我还想问,像这样严格的事情通过自学完成的可能性有多大。你是一个罕见的在完成正规学校教育后自己掌握微积分的人。数学通常是一扇单向门——如果你不早点通过它,以后就很难再回去。
You've left a few important ones off your list:
You can't be too rich, too thin, or know too much math, but I'd question whether it's necessary for you to take this path. You can do a lot of relatively complex and rewarding programming work without using calculus or linear algegra; it just won't include scientific computing or graphics at Pixar.
I'd also question how likely it is that something as rigorous as this could be done by self-study. You'd be a rare individual who mastered calculus on their own after completing formal schooling. Math is usually a one-way door - if you don't get through it early, it's hard to go back later on.

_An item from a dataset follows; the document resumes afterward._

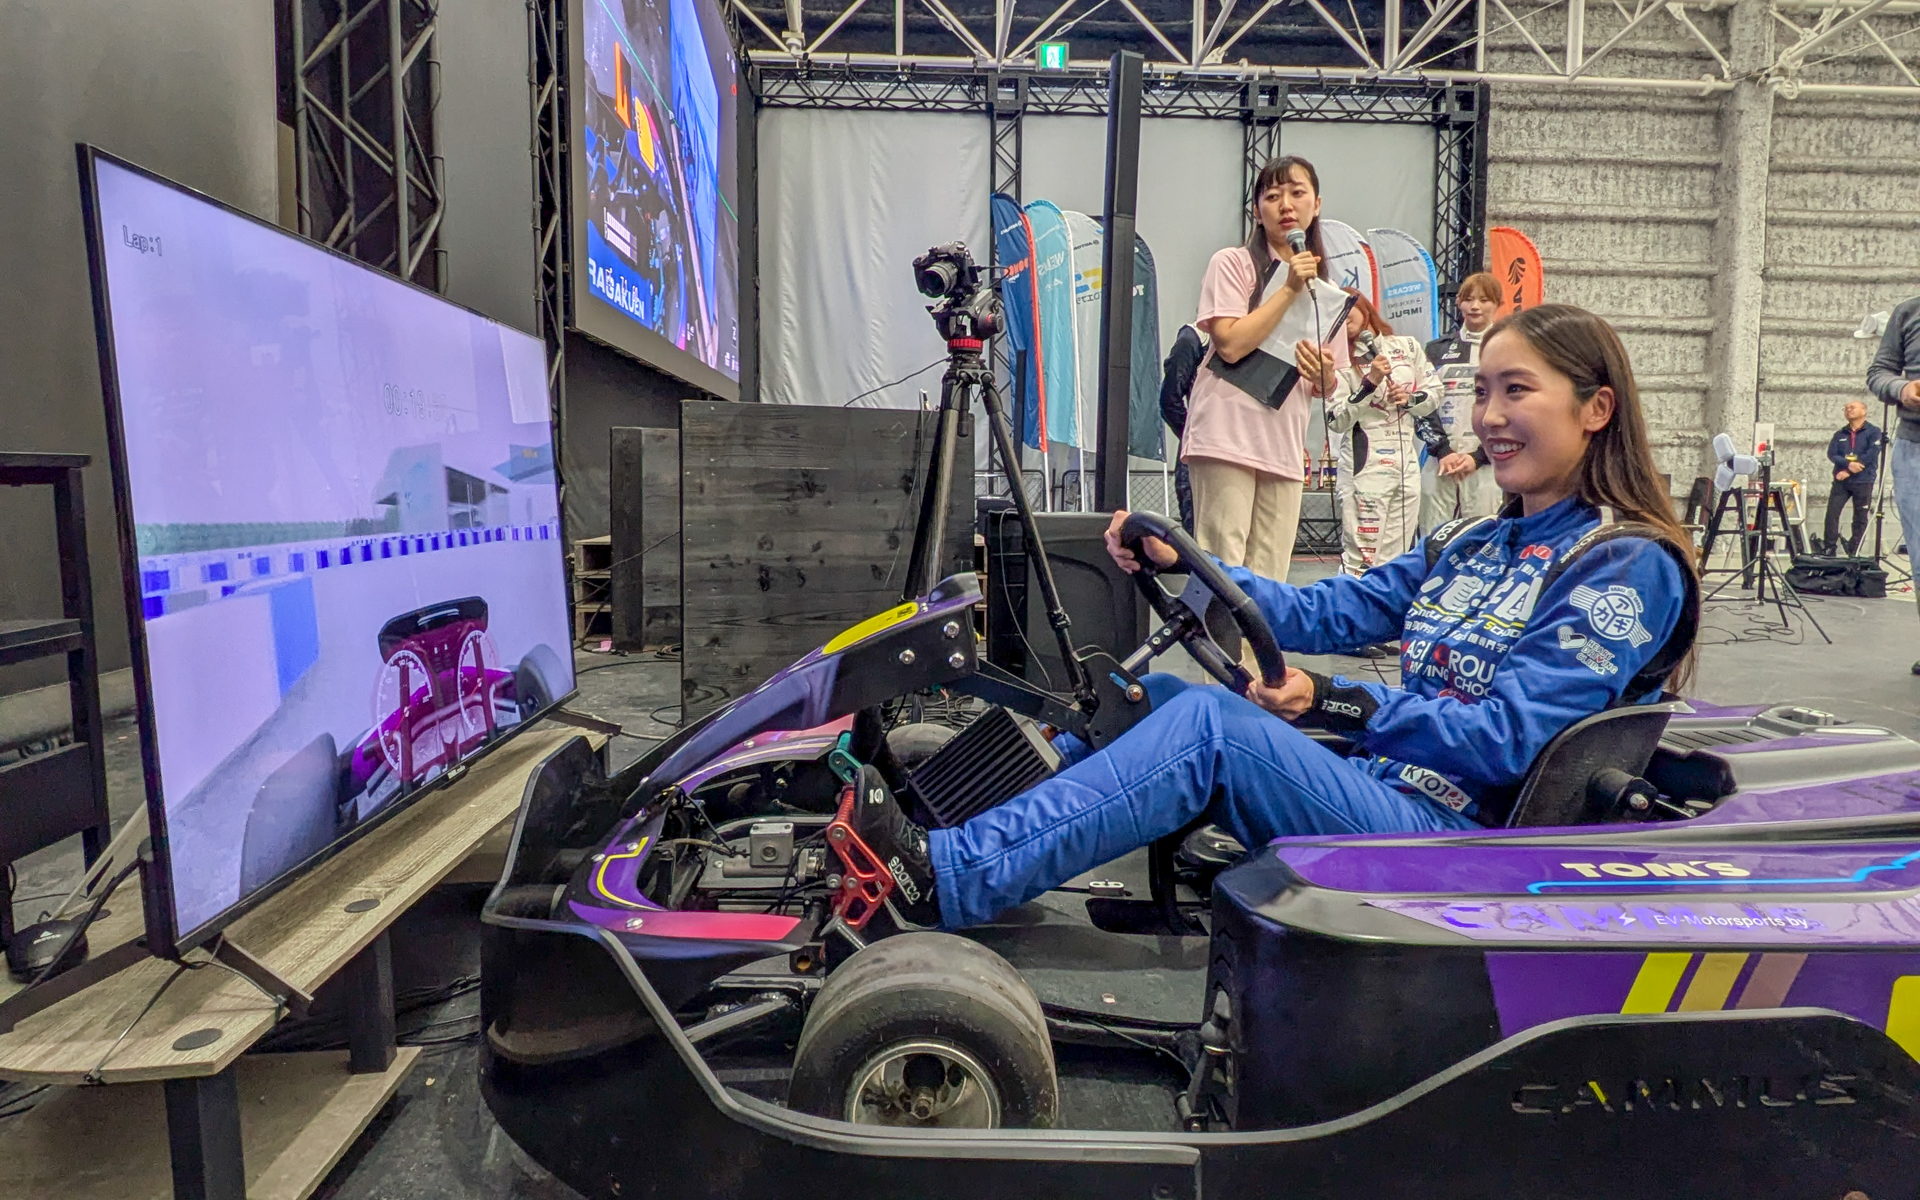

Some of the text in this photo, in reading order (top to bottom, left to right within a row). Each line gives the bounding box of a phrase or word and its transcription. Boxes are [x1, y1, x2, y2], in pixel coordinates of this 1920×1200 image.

[1587, 640, 1615, 661] HEART
[868, 788, 884, 804] 10
[1654, 912, 1808, 930] EV-Motorsports by

我发现数学归纳法对于设计和理解各种算法非常有帮助。有一本好书很好地诠释了这个想法: http://www.amazon.com /简介-算法-Creative-Udi-Manber/dp/0201120372
I found that mathematical induction can be very helpful designing and understanding a large variety of algorithms. There's a nice book that takes this idea pretty far: http://www.amazon.com/Introduction-Algorithms-Creative-Udi-Manber/dp/0201120372
在麻省理工学院的开放课程中可以找到对计算机科学有用的主题的详细概述。通过查看 6.042 课程(计算机科学数学)的教学大纲,您可以了解哪些主题有用:http://ocw.mit.edu/courses/electrical-engineering-and-computer-science/6-042j-mathematics-for-computer-science-fall-2010/readings/
该链接指向该课程的在线课程笔记,这是一个很好的教学工具。课程考试和答案也可以在 OCW 上找到。我肯定会先学习其中的一些材料,因为麻省理工学院的所有计算机科学学生都需要它。

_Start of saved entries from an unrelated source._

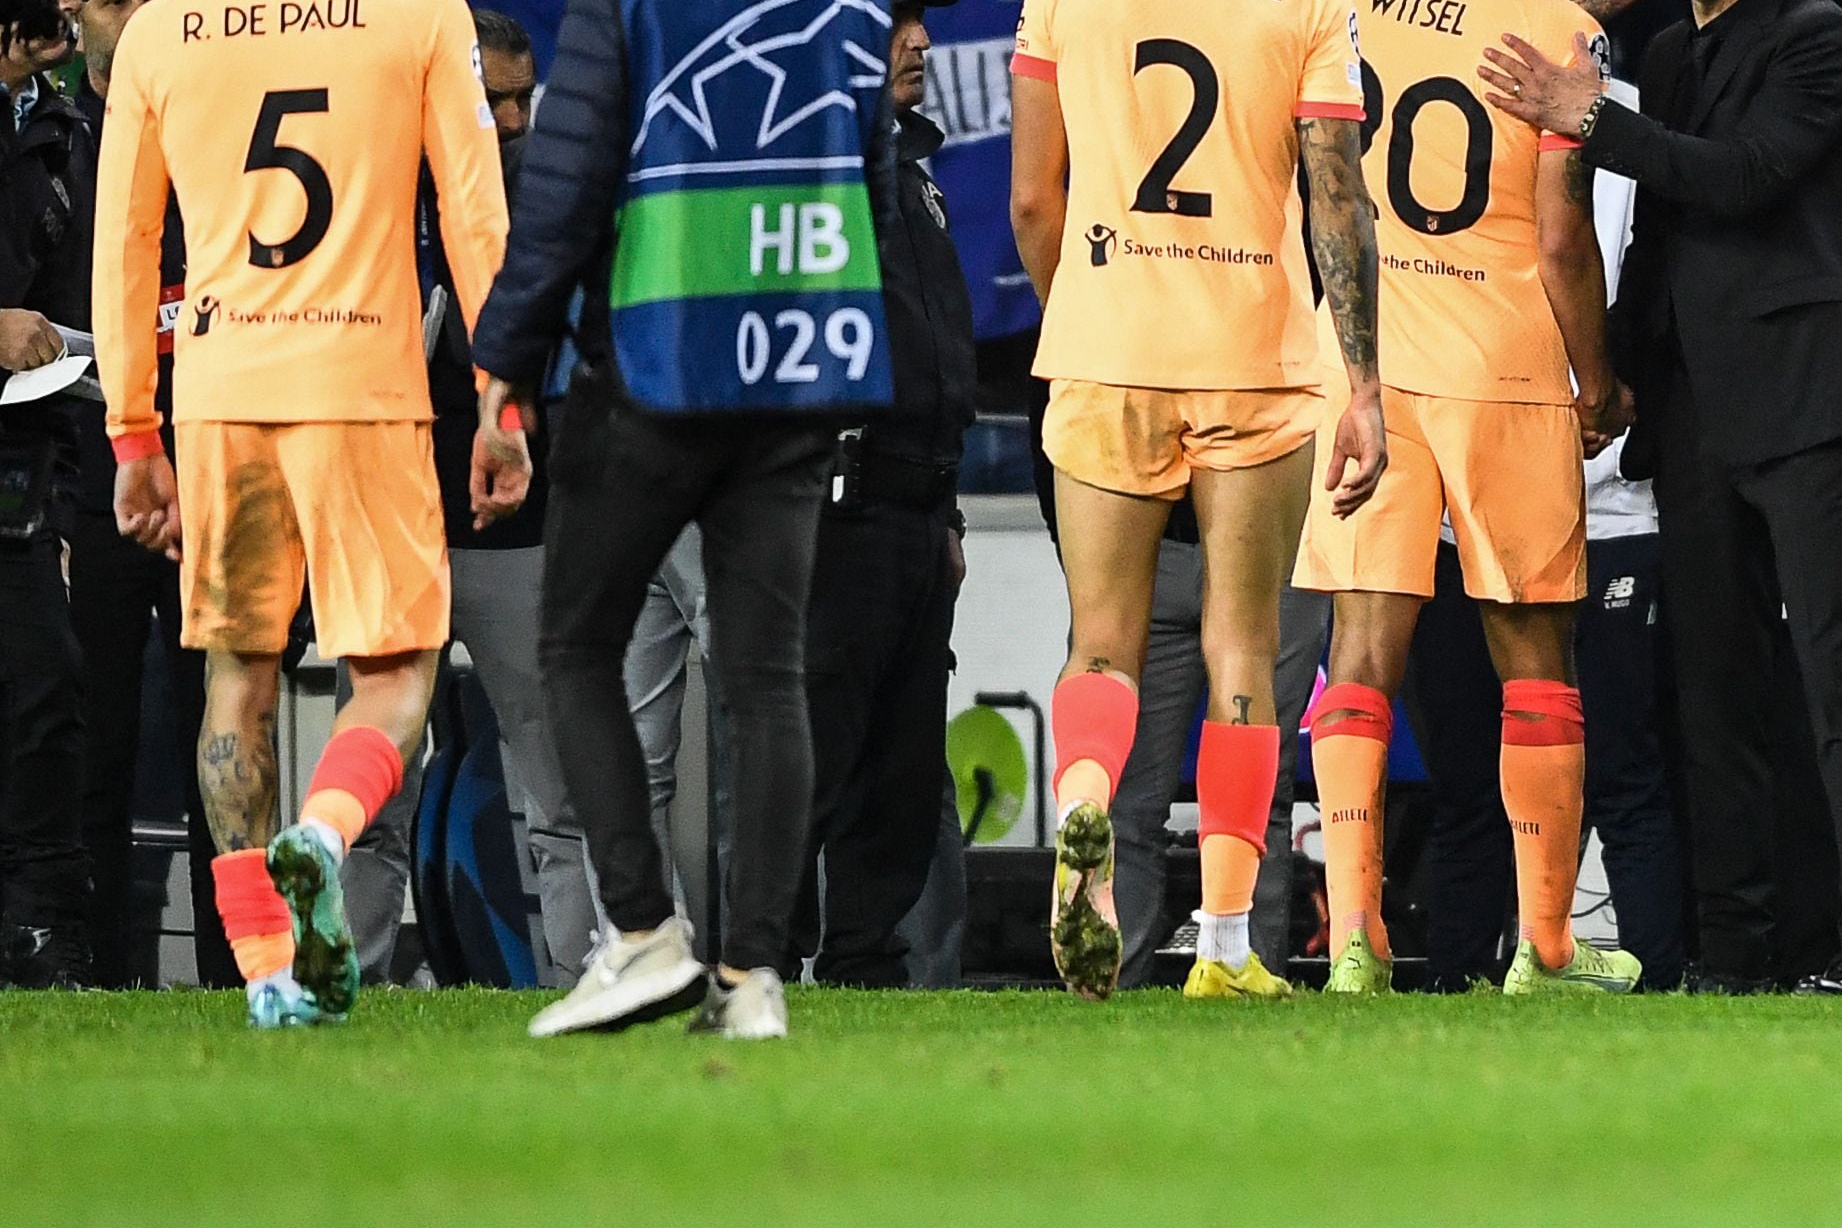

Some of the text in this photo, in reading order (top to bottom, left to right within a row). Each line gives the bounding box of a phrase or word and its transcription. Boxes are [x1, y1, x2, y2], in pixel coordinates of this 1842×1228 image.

[183, 12, 211, 44] R.
[224, 3, 266, 37] DE
[1129, 38, 1219, 217] 2
[243, 87, 333, 269] 5
[750, 202, 850, 275] HB
[1124, 239, 1274, 265] Save the Children
[1413, 259, 1485, 281] Children
[303, 310, 382, 324] Children
[736, 307, 874, 384] 029

A good overview of topics useful for computer science can be found on MIT's OpenCourseWare. By looking at the syllabus for the class 6.042 (Mathematics for Computer Science), you can gain an idea of what topics are useful: http://ocw.mit.edu/courses/electrical-engineering-and-computer-science/6-042j-mathematics-for-computer-science-fall-2010/readings/
That link leads to the online course notes for the class, which are a great teaching tool. The course examinations and answers are also available on OCW. I would definitely start by working through some of this material, as it is required for all CS students at MIT.